Assignment: Your copy should match the records exactly, except that no pictures appear in it.

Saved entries

=== Begin Enclosure ===

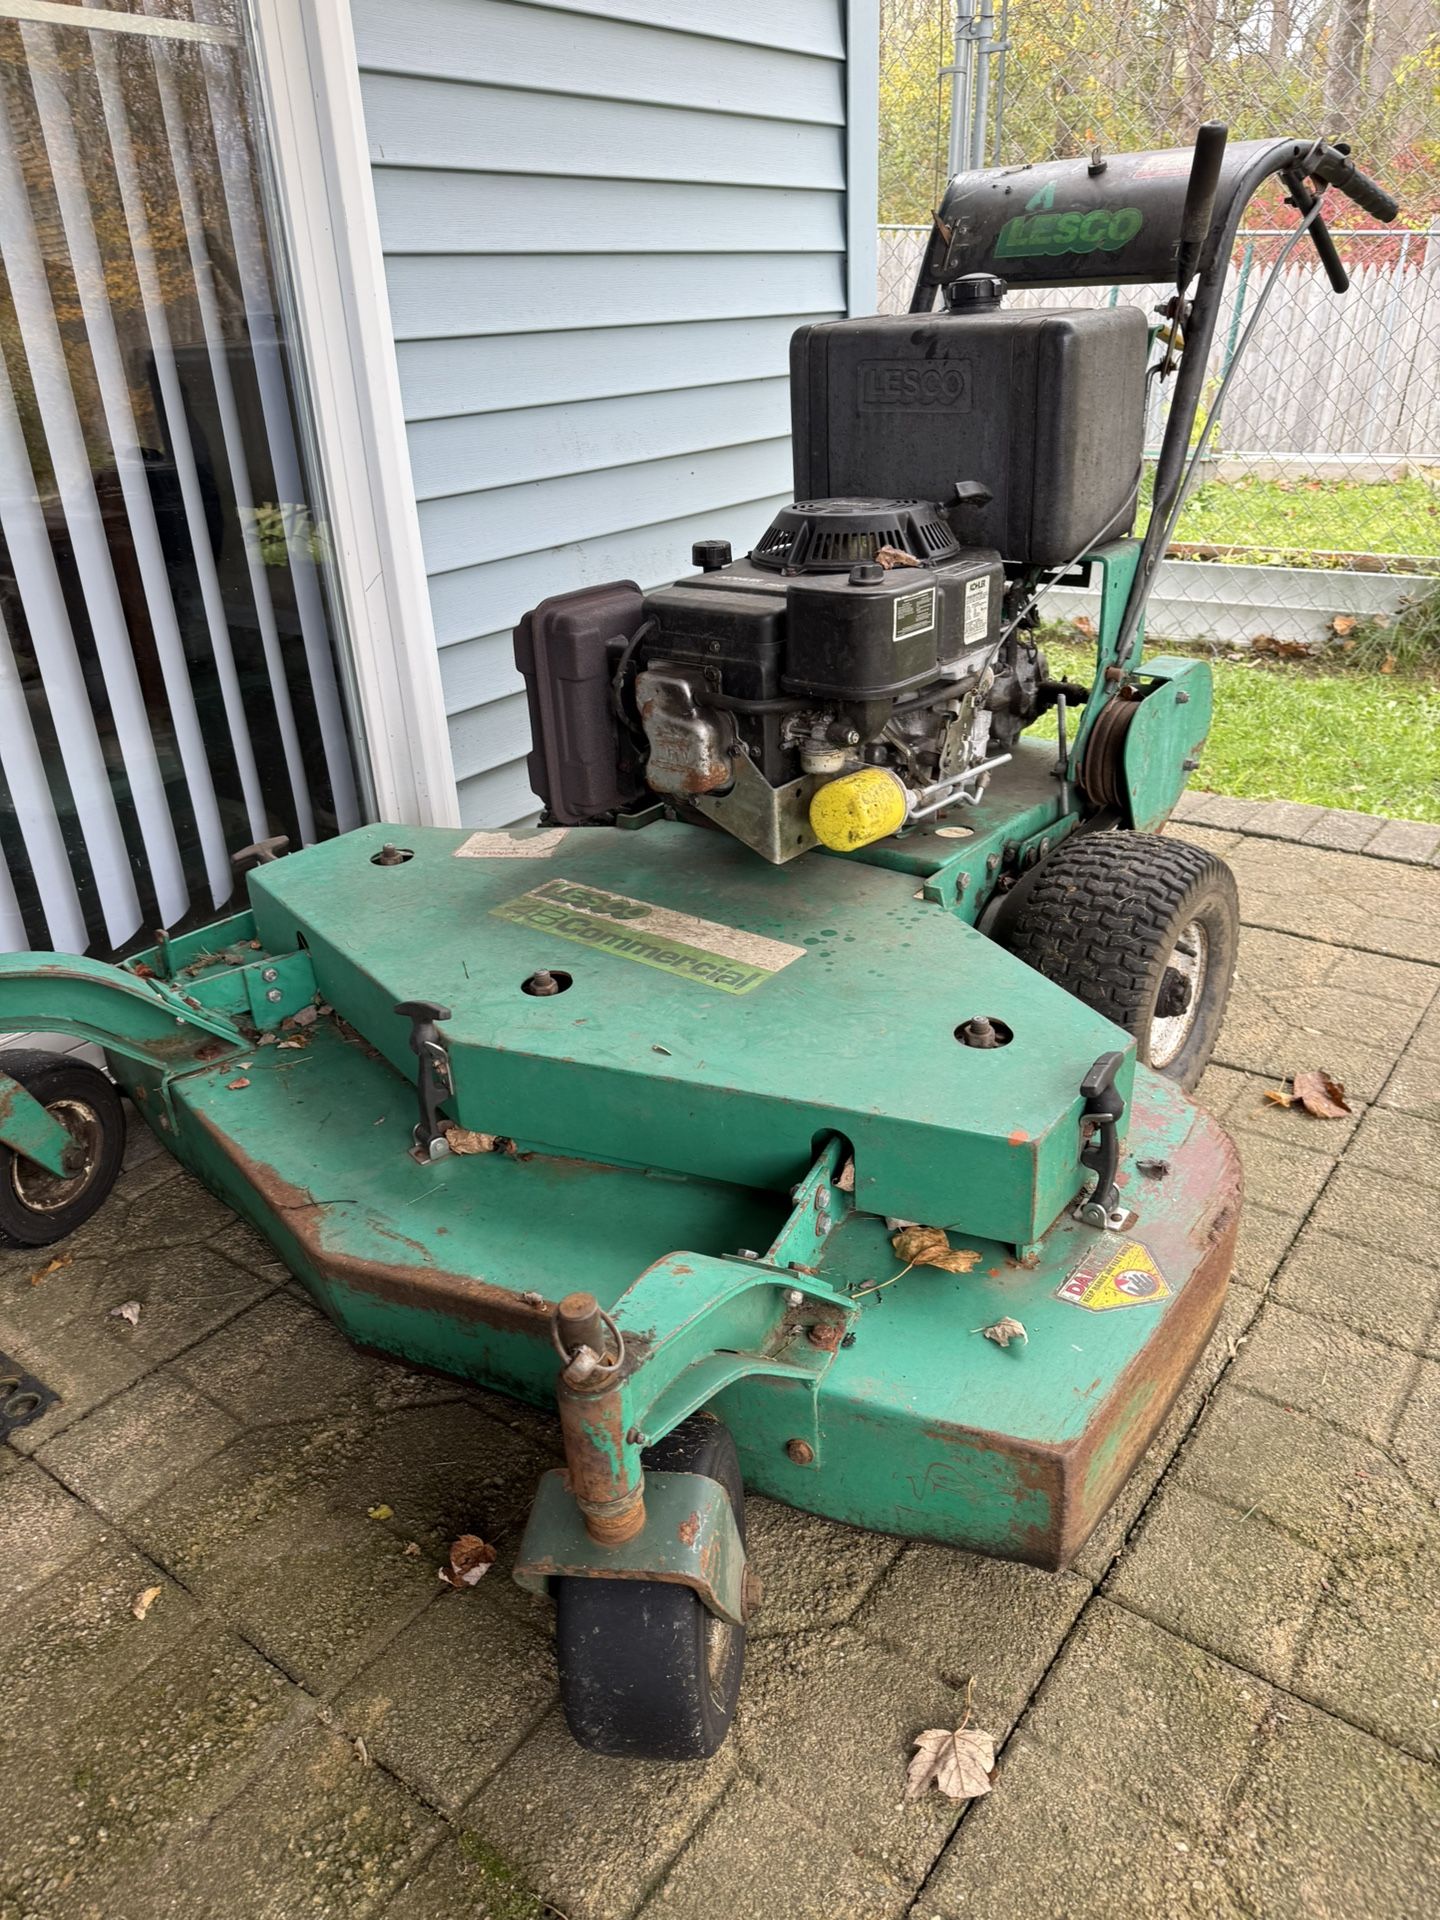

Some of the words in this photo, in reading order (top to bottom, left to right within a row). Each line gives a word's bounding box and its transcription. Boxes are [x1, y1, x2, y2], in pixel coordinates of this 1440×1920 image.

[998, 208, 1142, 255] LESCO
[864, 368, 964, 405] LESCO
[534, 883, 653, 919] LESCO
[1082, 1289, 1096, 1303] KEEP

=== End Enclosure ===

Written response:
Some of the words in this photo, in reading order (top to bottom, left to right within a row). Each line gives a word's bounding box and its transcription. Boxes are [x1, y1, x2, y2], in pixel coordinates of this 1440×1920 image.

[998, 208, 1142, 255] LESCO
[864, 368, 964, 405] LESCO
[534, 883, 653, 919] LESCO
[1082, 1289, 1096, 1303] KEEP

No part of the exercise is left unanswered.